---- DATA SECTION
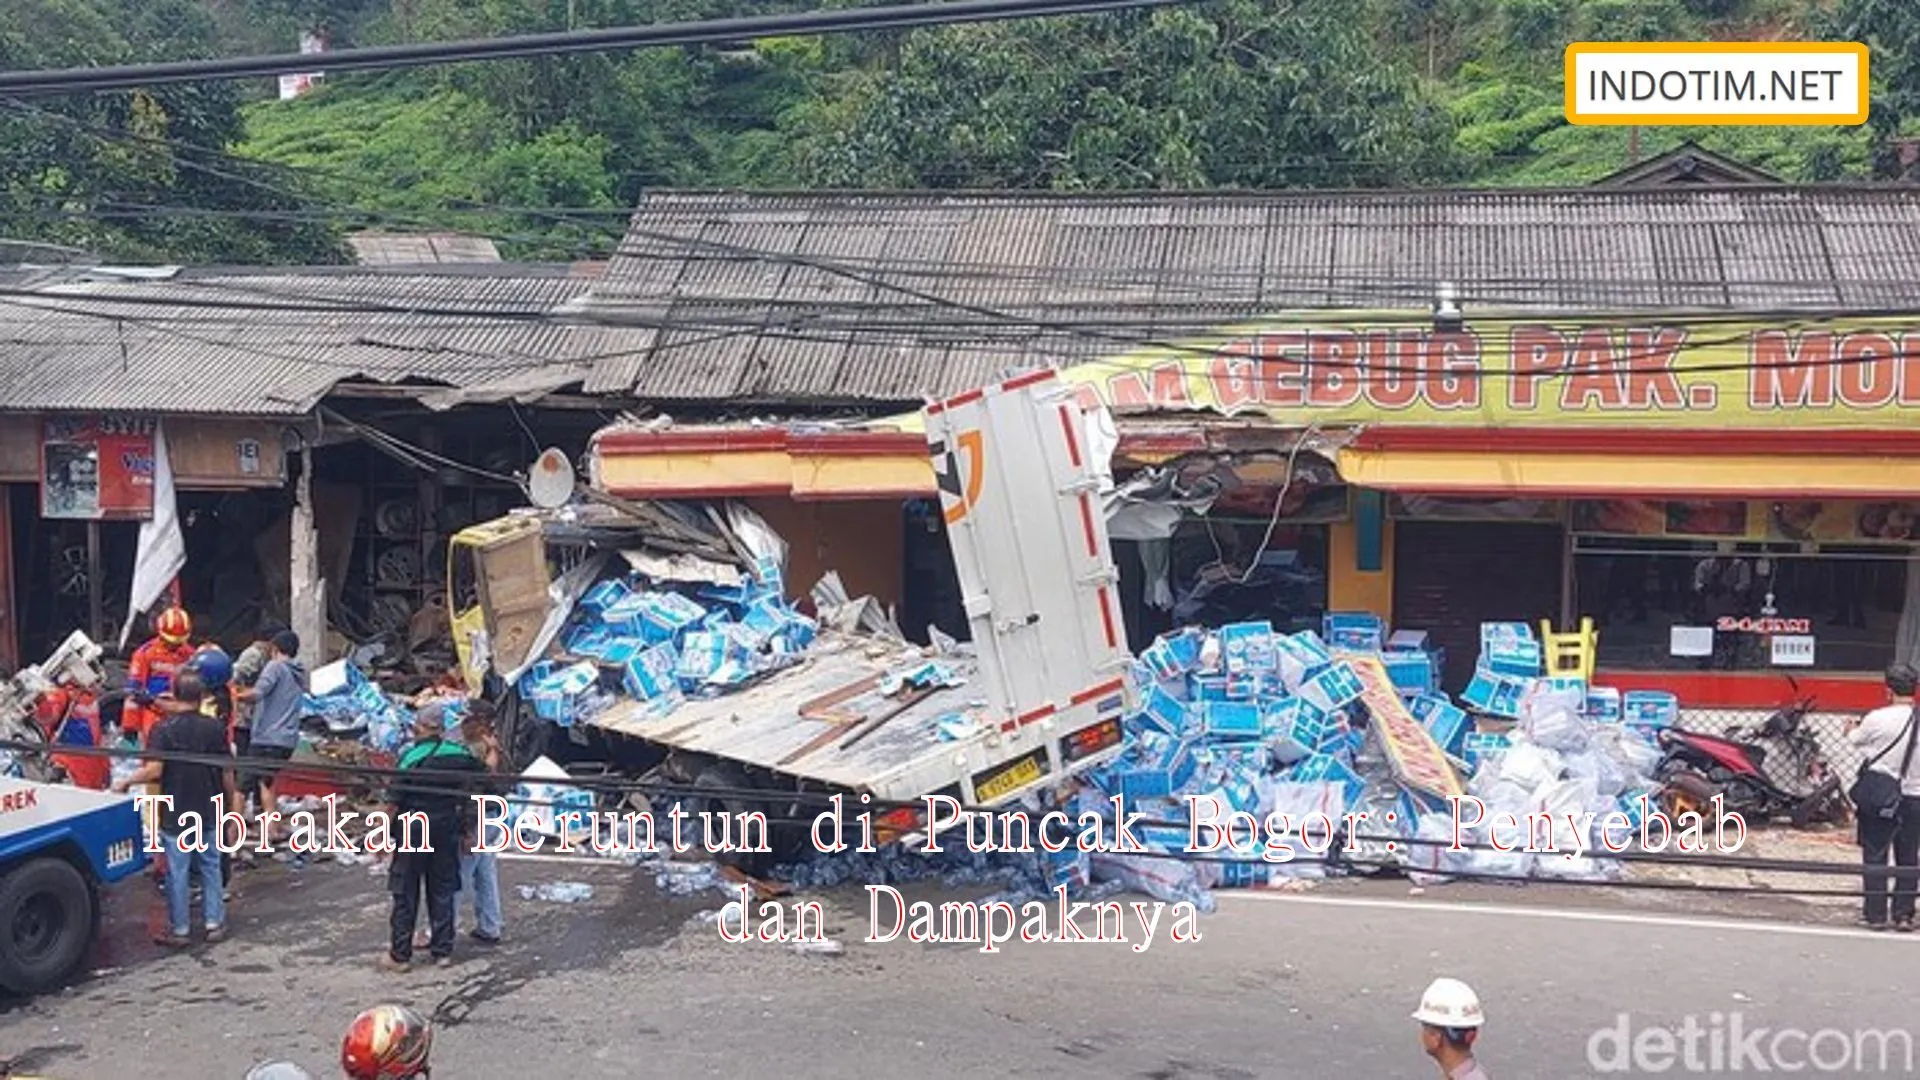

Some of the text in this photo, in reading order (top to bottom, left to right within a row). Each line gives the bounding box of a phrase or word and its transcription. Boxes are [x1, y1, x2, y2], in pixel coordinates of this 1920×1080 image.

[1209, 328, 1482, 414] GEBUG
[1507, 325, 1718, 410] PAK.
[0, 787, 38, 812] REK
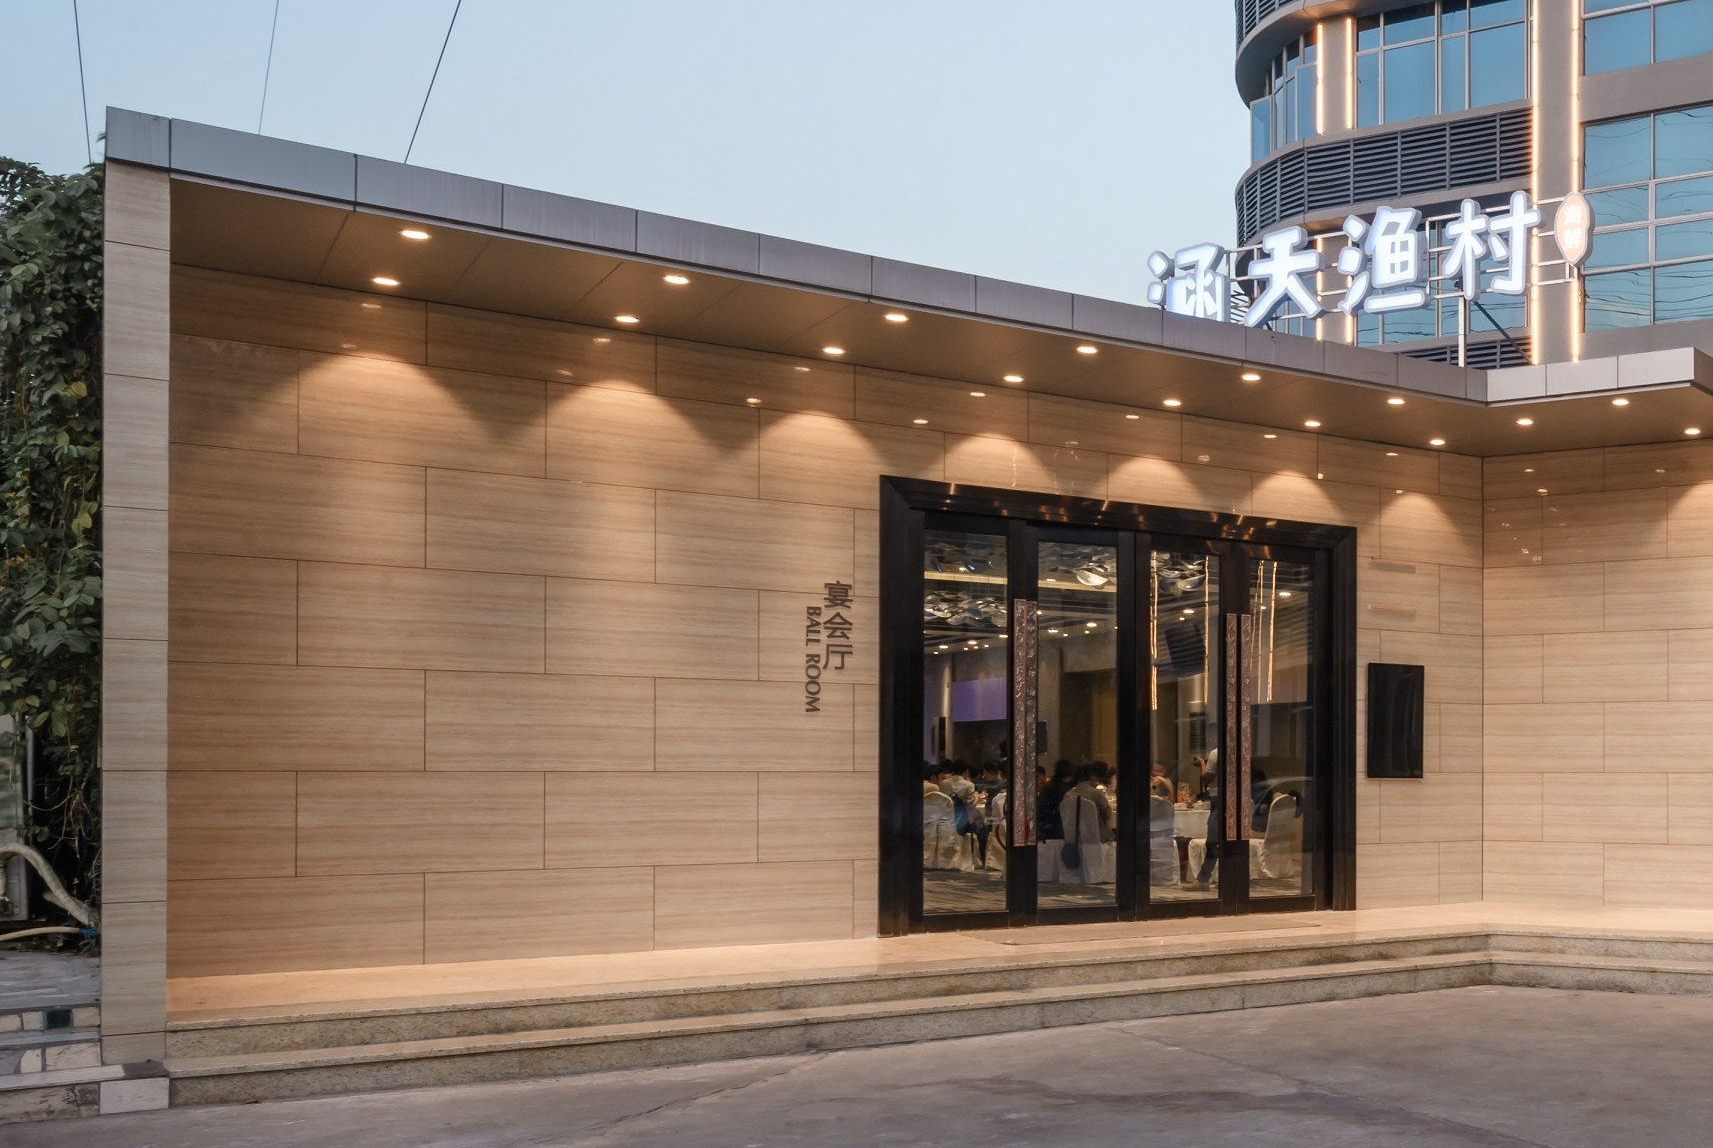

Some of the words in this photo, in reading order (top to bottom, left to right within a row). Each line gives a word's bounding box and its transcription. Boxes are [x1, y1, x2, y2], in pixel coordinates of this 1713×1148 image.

[1147, 190, 1546, 328] 涵天渔村
[805, 606, 822, 647] BALL
[822, 580, 854, 671] 宴会厅
[805, 653, 821, 713] ROOM
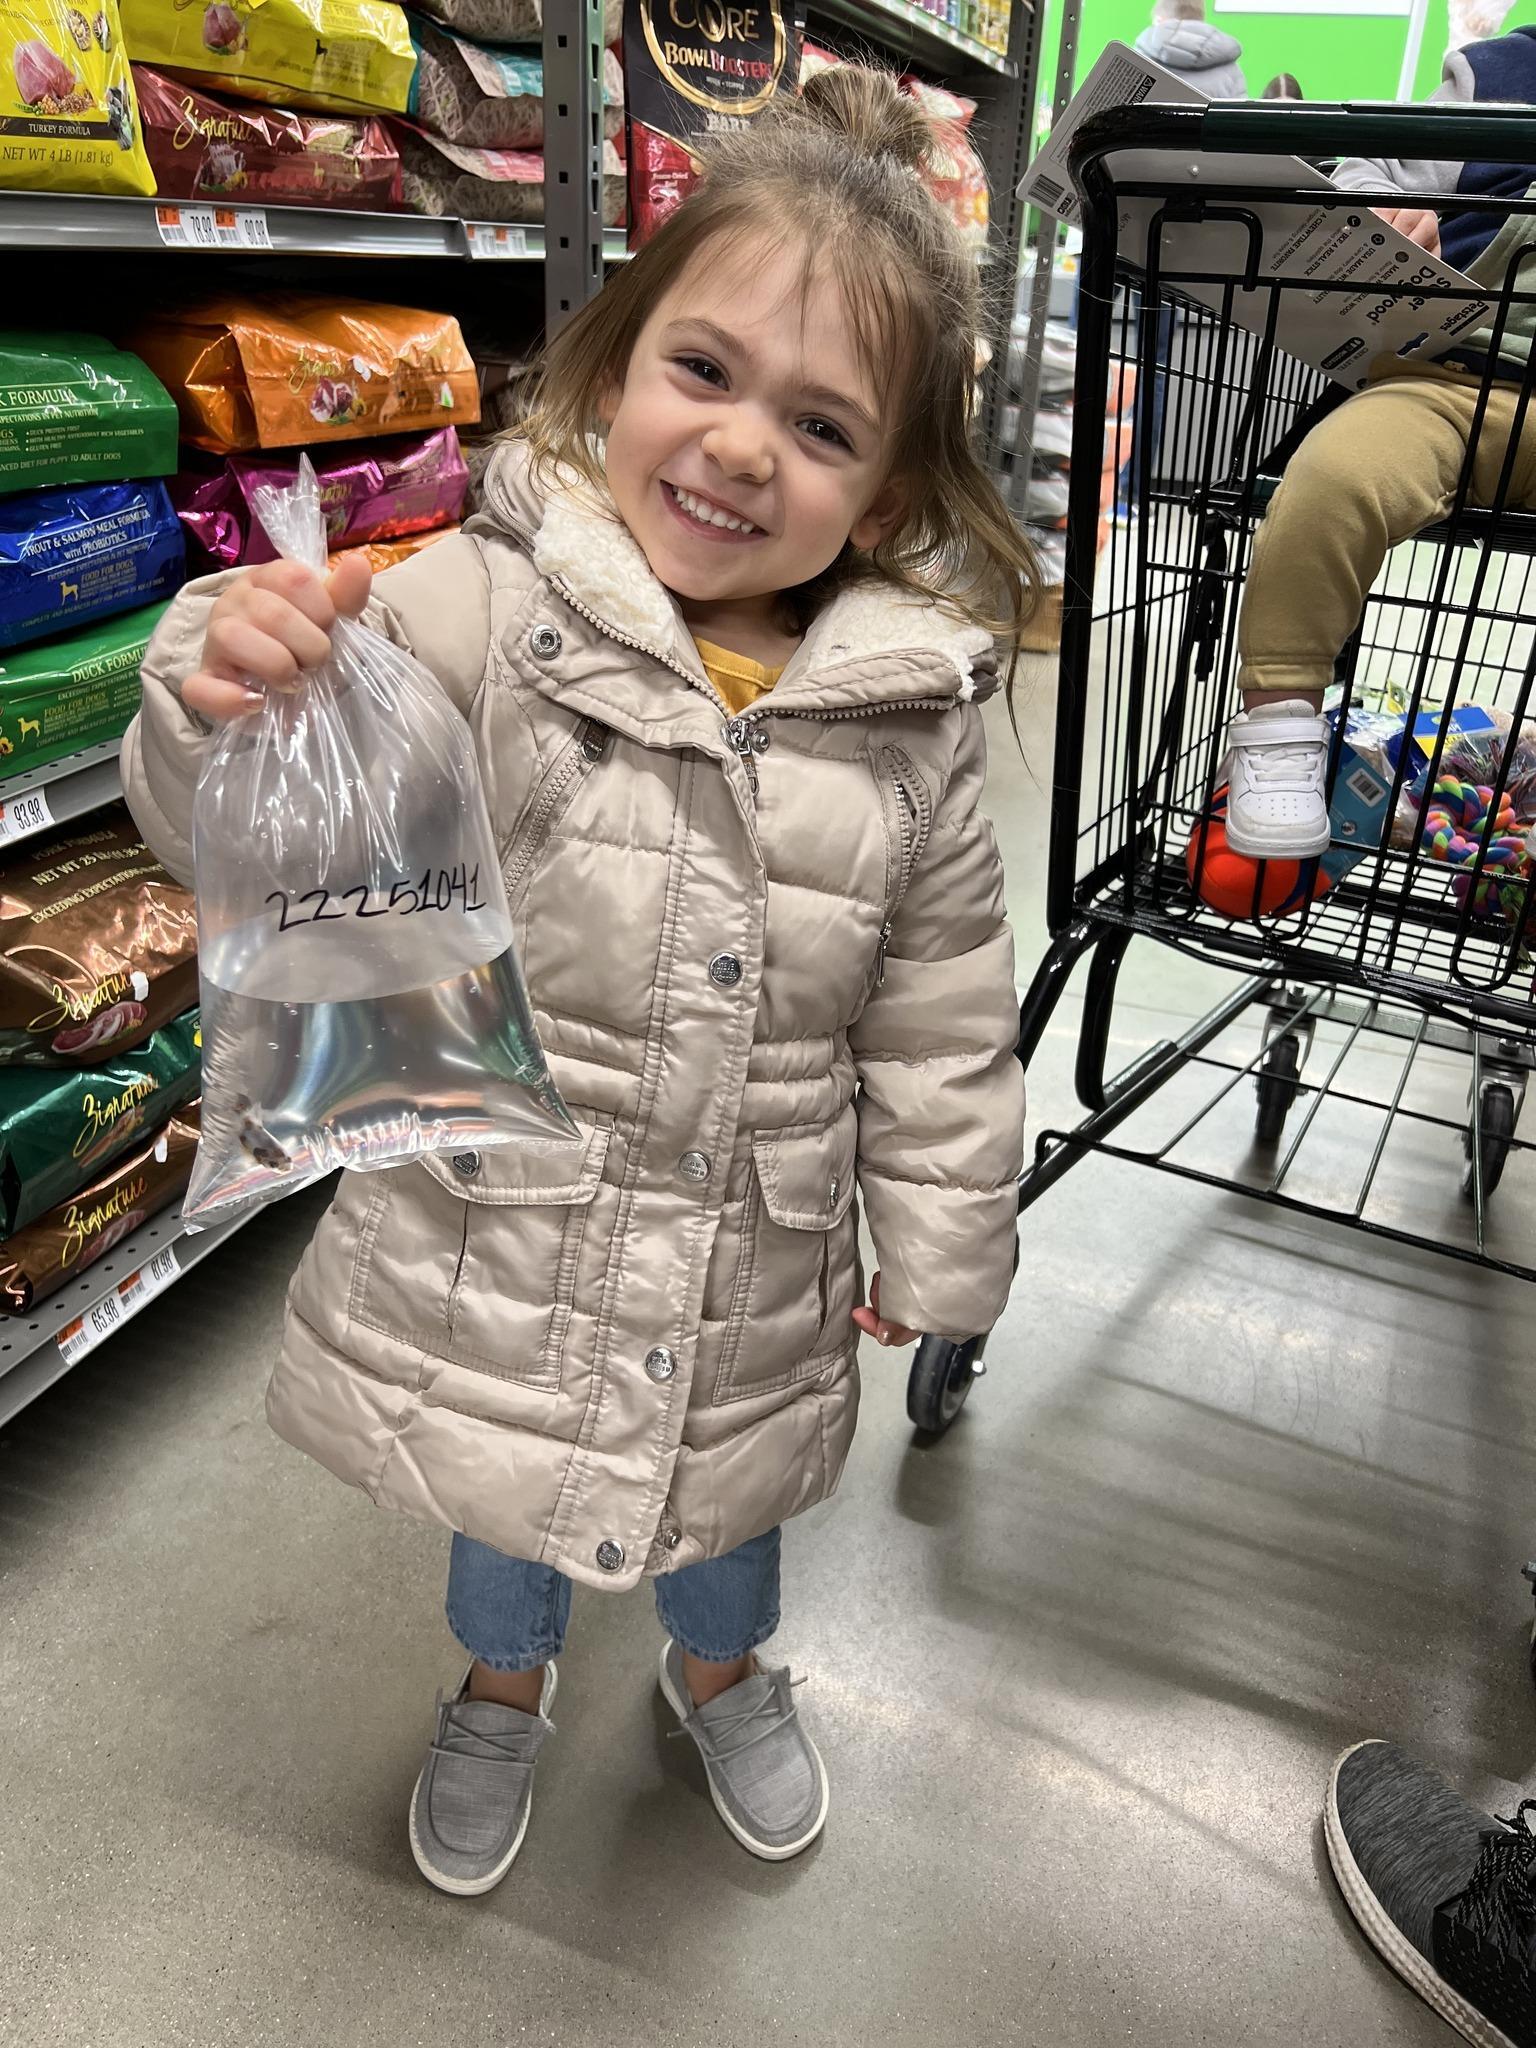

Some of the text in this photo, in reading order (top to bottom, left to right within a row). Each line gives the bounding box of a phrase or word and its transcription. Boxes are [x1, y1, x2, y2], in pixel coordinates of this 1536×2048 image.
--------
Write the material out again exactly. Skip each picture.

ANSWER AREA ▸
Some of the text in this photo, in reading order (top to bottom, left to right within a row). Each line gives the bounding box of a phrase or word and its transcription. Boxes are [x1, y1, x2, y2], in pixel coordinates of this 1920×1080 image.

[1209, 328, 1482, 414] GEBUG
[1507, 325, 1718, 410] PAK.
[0, 787, 38, 812] REK

Some of the words in this photo, in reading order (top to bottom, left to right within a row). Each line gives a word's bounding box and its transcription. Boxes are [x1, y1, x2, y2], in pixel coordinates of this 1713×1148 image.

[1147, 190, 1546, 328] 涵天渔村
[805, 606, 822, 647] BALL
[822, 580, 854, 671] 宴会厅
[805, 653, 821, 713] ROOM

Some of the text in this photo, in reading order (top to bottom, left to right within a row). Each line gives the bounding box of a phrase or word and its transcription. Boxes are [x1, y1, x2, y2], in pixel coordinates of this 1536×2048 image.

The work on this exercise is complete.